Proprietary Trading Firms
The SEC specifically noted that proprietary trading firms account for nearly half the daily volume in the interdealer US Treasury market and are not registered as dealers.39 The SEC's view is that many unregistered proprietary trading firms have become de facto market makers, including in the US Treasury market,40 and should register as broker-dealers even though the proprietary trading firms do not have any customers.41
The SEC explained proprietary trading firms that are dealers will have to comply with numerous rules and regulations and be subject to examination by the SEC, in addition to requirements related to FINRA membership discussed above.42 Proprietary trading firms registered as broker-dealers also will face larger constraints on risk-taking.43 Among other things, proprietary trading firms registered as dealers will have to comply with the Market Access Rule,44 and have additional reporting obligations to the Consolidated Audit Trail and the Trade Reporting and Compliance Engine.45 In addition, as noted above, proprietary trading firms registered as dealers may be able to benefit from more favorable capital treatment under SEC Rule 15c3-1(a)(6) with respect to its bona fide market making activities so long as it meets the conditions in paragraph (a)(6).
Private Funds
In the Adopting Release, the SEC specifically noted that private funds that seek to take advantage of pricing differentials in bid-ask spreads will be required to register as dealers if their activity has the effect of providing liquidity to other market participants.46 Additionally, if private funds are employing high-frequency trading strategies, they should carefully consider whether their trading activity constitutes providing liquidity to other market participants and, therefore, will require registration as a dealer.47
Any private fund required to register with the SEC as a broker-dealer will have to carefully examine their investors' withdrawal rights and how those rights would affect compliance with the net capital rule, as discussed above.48 A private fund may wish to consider separating its activities that constitute dealing into a separate entity.
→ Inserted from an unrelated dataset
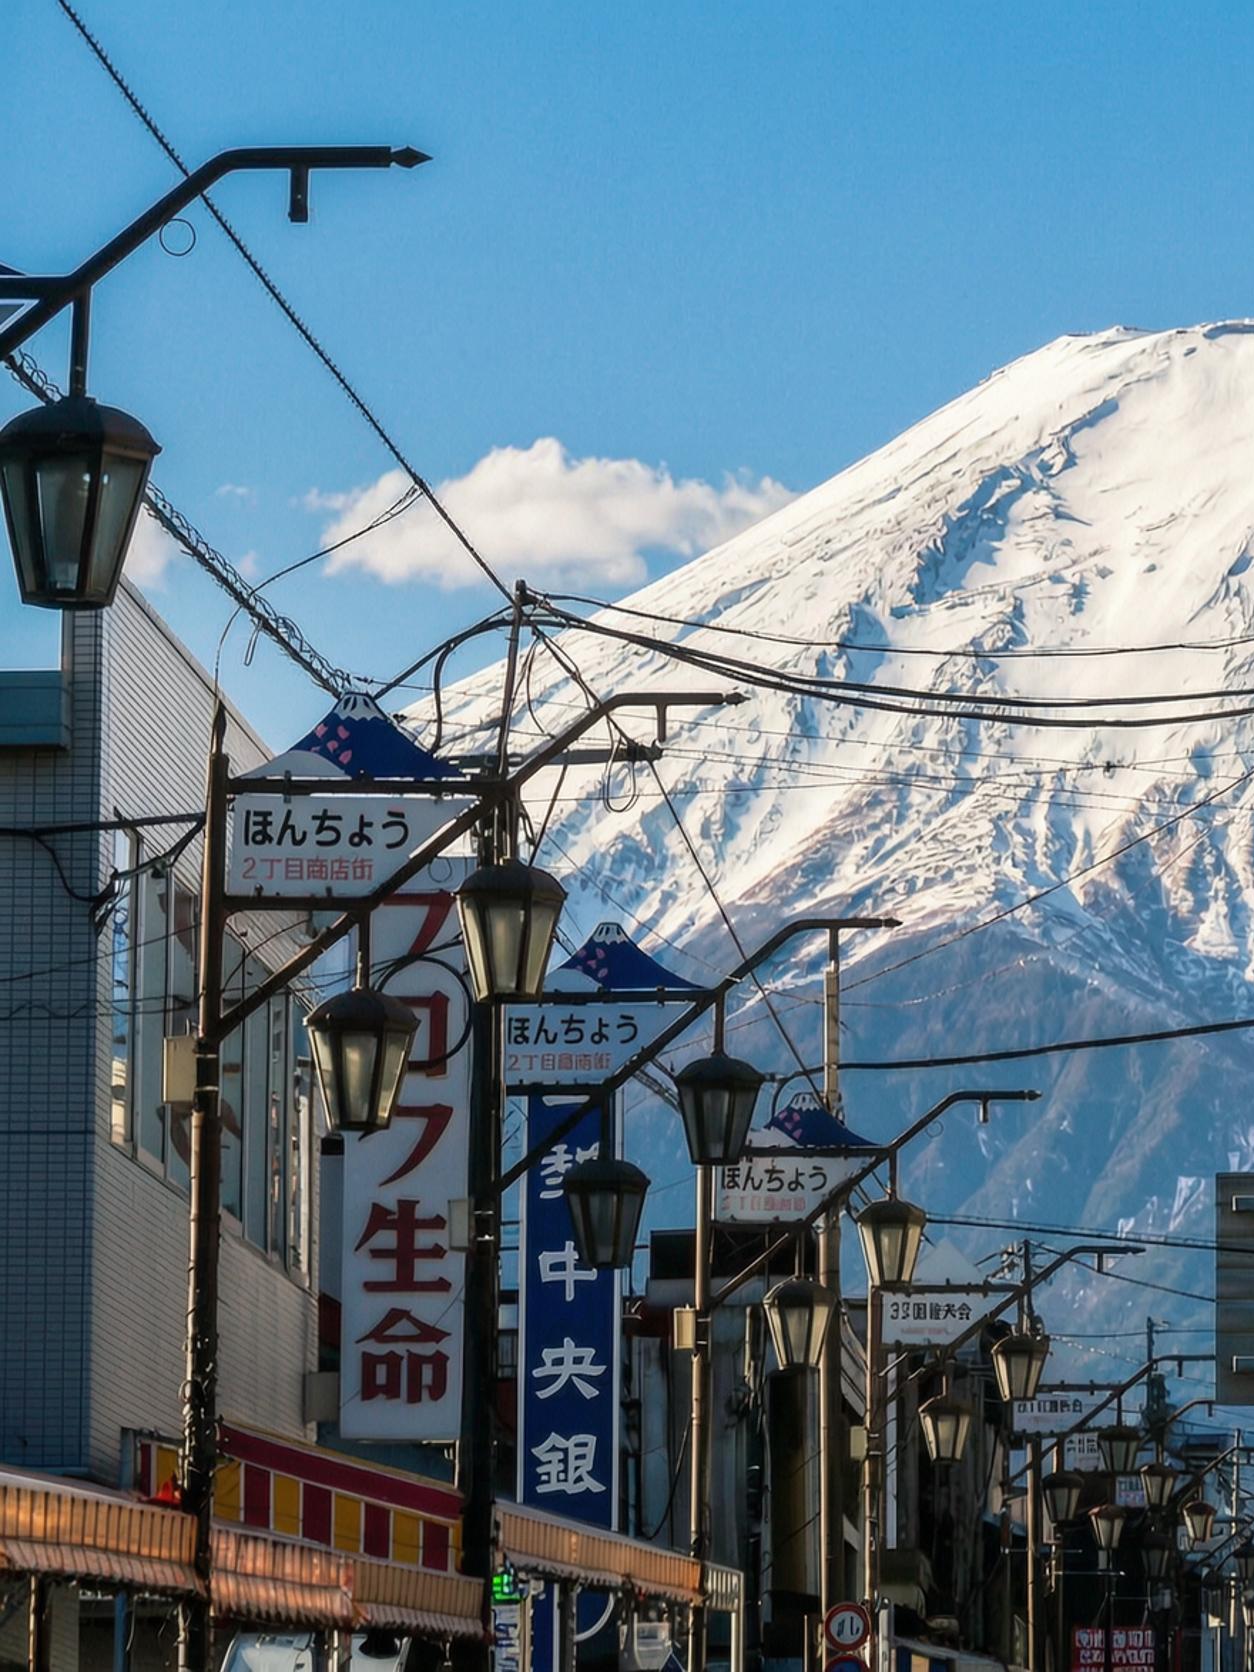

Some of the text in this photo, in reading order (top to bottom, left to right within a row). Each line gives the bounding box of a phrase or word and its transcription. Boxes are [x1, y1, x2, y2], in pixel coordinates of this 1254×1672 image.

In addition, any private fund registering as a broker-dealer would need to adapt its structure to adequately address various other supervisory, financial disclosure and tax considerations associated with broker-dealer registration, including but not limited to treatment as a "dealer" in securities for US federal tax purposes, as well as the considerations mentioned in the "Other Consequences" subsection above.
Crypto Asset Securities and Automated Market Makers
In the Adopting Release, the SEC specified that the new rules apply to all securities, including crypto asset securities.49 As such, any trading activity involving crypto asset securities that falls within the expanded "dealer" definition may result in a person having to register as a dealer.50 The SEC explained that "[t]he dealer framework is a functional analysis based on the securities trading activities undertaken by a person, not the type of security being traded."51
Any person using a smart contract, automated market maker or other all-to-all or peer-to-peer execution arrangements may have to register as a dealer if their activity qualifies under the new rules and they do not meet any of the above exceptions.52
Final Thoughts
Clients should analyze their trading strategies to determine whether their trading activity meets either of the qualitative factors that would require registration as a dealer under the SEC rules.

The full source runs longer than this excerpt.